The relative improvement of F-measure of eight methods caused by our method, our method without using boundary based centerness \(C_{bnd}\), our method without using smoothed gaussian centerness \(SC_{gau}\), and our method without using region size.

Fig. 8.
figure 8

Evaluation of our region centerness and size by replacing them with other options. See text for details. Graph-based 1 & 2 are computed by [23] with parameters (sigma = 0.5, K = 500, min = 50) and (sigma = 0.5, K = 1000, min = 100), while Normalized Cuts 1 & 2 are computed by [24] with parameters (n = 10) and (n = 20) respectively.

We note that it is possible that combining any two good models could produce improvement, as pointed out in [1]. To truly and fairly evaluate how complementary one method is, we report the F-measure improvements by combining it to other methods on the six datasets, averaged on all other methods. Results are shown in Table 1. Indeed, these state-of-the-art methods can improve each other (besides SF), and our method is the most complementary (among the top two on all datasets, and the best overall), showing that region size and centerness are indeed not well exploited in other methods.

All above results show that our method is highly effective. The running time of all methods are reported in Table 2. Our method is among the fastest ones. Note that our run time includes the superpixel segmentation and shortest path computation in Eq. (1).

4.2 Evaluation of Our Approach

Our result is the product of three components: size map in Eq. (7), the smoothed gaussian centerness map in Eq. (4), and the image boundary based centerness map in Eq. (5). We firstly evaluate their effects by removing each one from the product and checking how much the performance decreases. For conciseness, we only show the relative improvement of F-measure of all the previous methods in Fig. 7. The results demonstrate that the three components all contribute to the improvement and removing any of them would cause performance drop. The results on PR curves are similar.

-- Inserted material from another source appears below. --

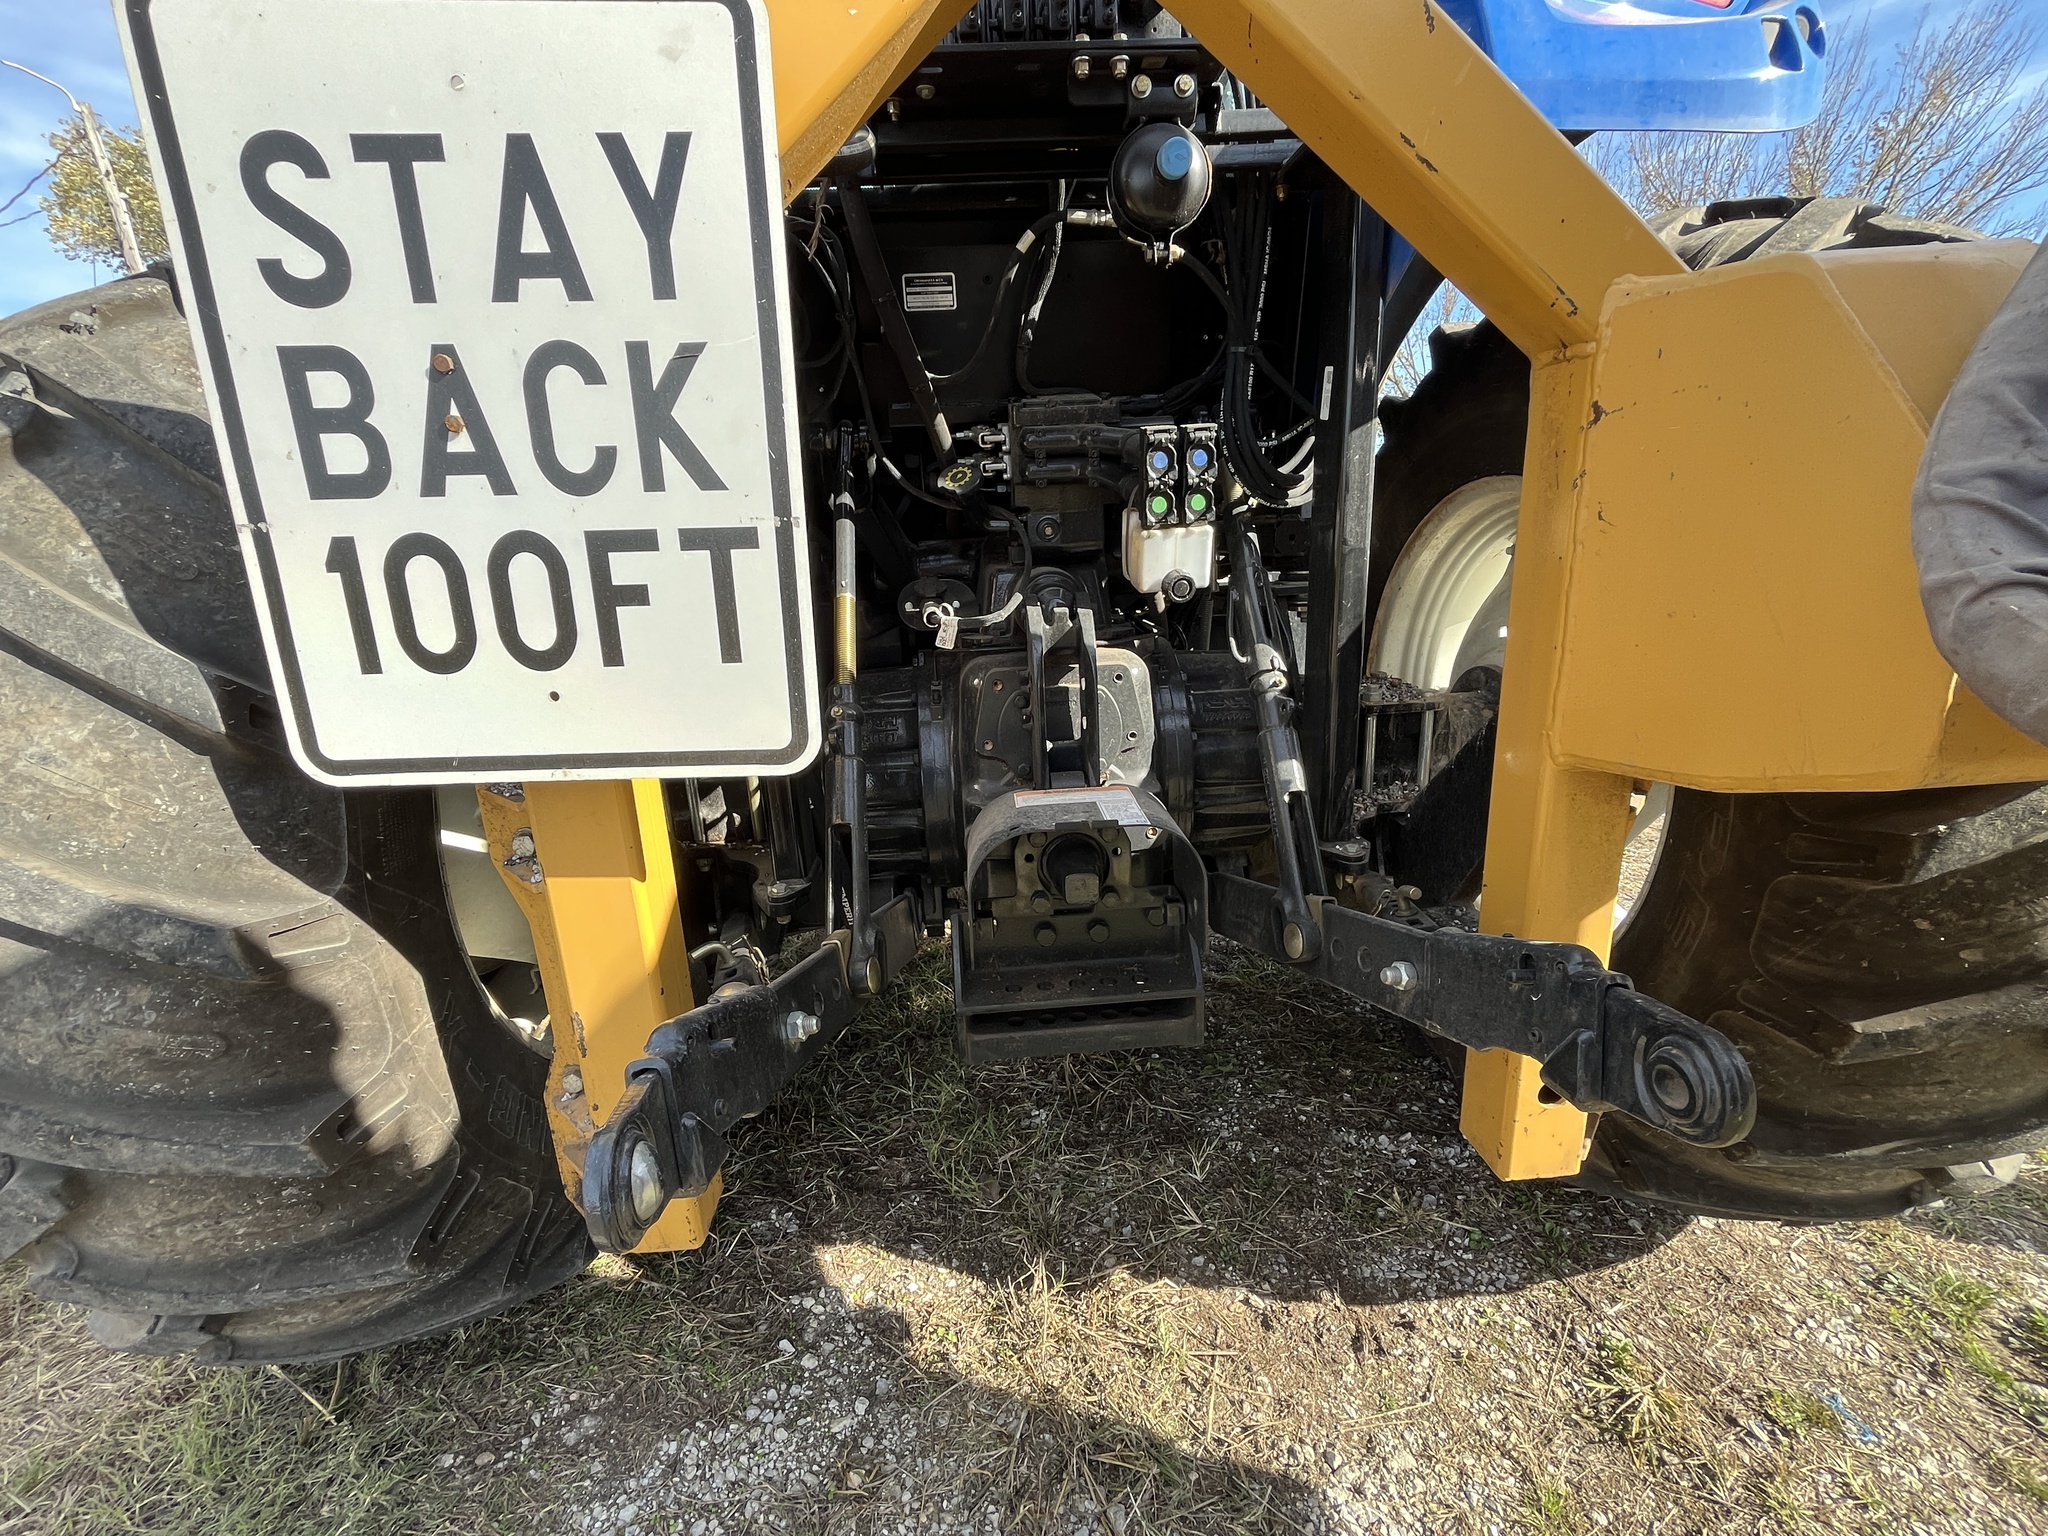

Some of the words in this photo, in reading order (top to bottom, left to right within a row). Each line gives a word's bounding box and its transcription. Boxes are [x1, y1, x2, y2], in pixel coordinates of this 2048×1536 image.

Evaluation of Geodesic Filtering for Gaussian Centerness Map. To evaluate the effectiveness of applying geodesic filtering in Eq. (4), we remove the filtering and use \(C_{gau}\) instead of \(SC_{gau}\), while fixing the other components the same. The results in Fig. 8 show that not using the geodesic filtering clearly decreases the performance.

Evaluation of Region Size. To compare with our ‘soft’ computation of region size \(A\) in Eq. (7), we also compute another region size map \(A'\) using hard image segmentation. We segment an image using [23, 24], compute the exact size of each region (number of pixels in it), assign each pixel the size of the region enclosing it, and normalize \(A'\) so that its summed value is equal to ours to remove any affection due to magnitude. We then replace \(A\) with \(A'\) while fixing the other components the same. We test four versions of \(A'\): two methods [23, 24] and each with two sets of parameters. Results in Fig. 8 show that our soft region size is better and more stable than hard computation of region size, because it is difficult to find good image segmentation parameters for different images.

5 Conclusions

We present a new baseline saliency method. It uses basic principle and concepts of region size and location. We demonstrated how to estimate these attributes with simple techniques, without requiring performing image segmentation. Our method works well across different datasets, including the most challenging ones. It compares favorably with the state-of-the-art and can be easily combined for further improvement. We hope this work can enhance the understanding of salient object detection problem and encourage more works of using simple models that generalize well.